Diese Brücke wurde als "Portable Panel Bridge - PPB" ab 1943 auch in den USA "lizenzgefertigt", doch waren diese in den USA gebauten Brücken auf Grund von Maßdifferenzen häufig nicht mit den in Großbritannien gebauten kompatibel und kombinierbar, so dass immer nur einheitliches Material verwendet werden musste. Auch war die Qualität offensichtlich nicht die beste, so dass rund 850 "Einheiten", d.h. Brückensätze, nach Kriegsende als Ausschuß wieder in die USA zurückgeschickt wurden.   

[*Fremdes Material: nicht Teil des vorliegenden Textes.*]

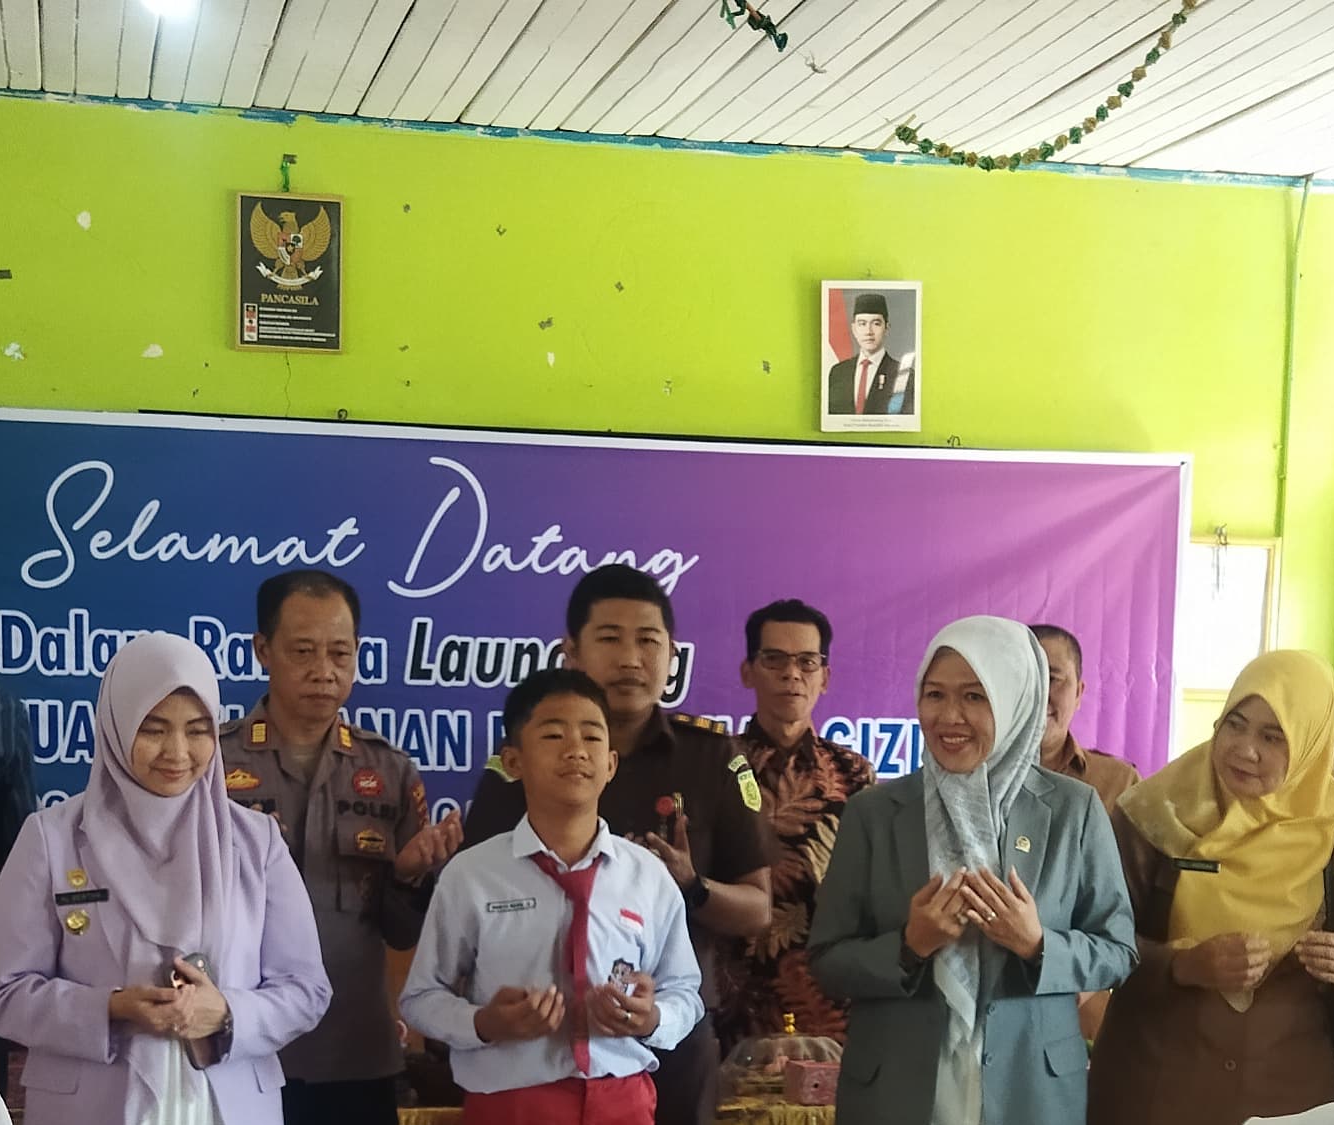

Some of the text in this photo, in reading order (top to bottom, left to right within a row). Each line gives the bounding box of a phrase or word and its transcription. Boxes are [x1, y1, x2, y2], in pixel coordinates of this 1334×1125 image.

[261, 293, 319, 306] PANCASILA
[21, 456, 699, 598] Selamat Datang
[189, 615, 388, 685] Raa
[404, 617, 696, 709] Laung
[338, 799, 397, 819] POLRI

Die ersten Brücken wurden in Tunesien durch das Royal Corps of Engineers gebaut, letztendlich waren diese in mehreren tausend Einheiten gefertigten Brückensysteme weltweit im Einsatz und werden teilweise auch heute noch als Nachbauten ge- und verbaut 

Das Sytem aus Paneelen, Querträgern und darauf aufbauenden Oberbelägen mit enormen Spannweiten und Traglasten gab und gibt nahezu unbegrenzte Möglichkeiten zum Bau von für das jeweilige Vorhaben geeigneten Brücken und Konstruktionen, beginnend von der "S-S" bzw. I.1. (Single-Single), d.h. ein Feld auf jeder Seite, bis hin zu T-T (Triple-Triple (III.3) mit Erweiterungen zur Abstützung. Je nach geforderter MLC und Spannweite waren und sind da viele Kombinationen möglich. Allerdings werden heute deutlich geringere Lastannahmen angesetzt, d.h. eine Brücke, die vor 30 Jahren noch mit 24 Tonnen Tragkraft angesetzt war, hat heute deutlich weniger. das wiederum bedeutet im Umkehrschluß, dass breiter (mehr Felder) und ggf. mehrstöckig gebaut werden muss.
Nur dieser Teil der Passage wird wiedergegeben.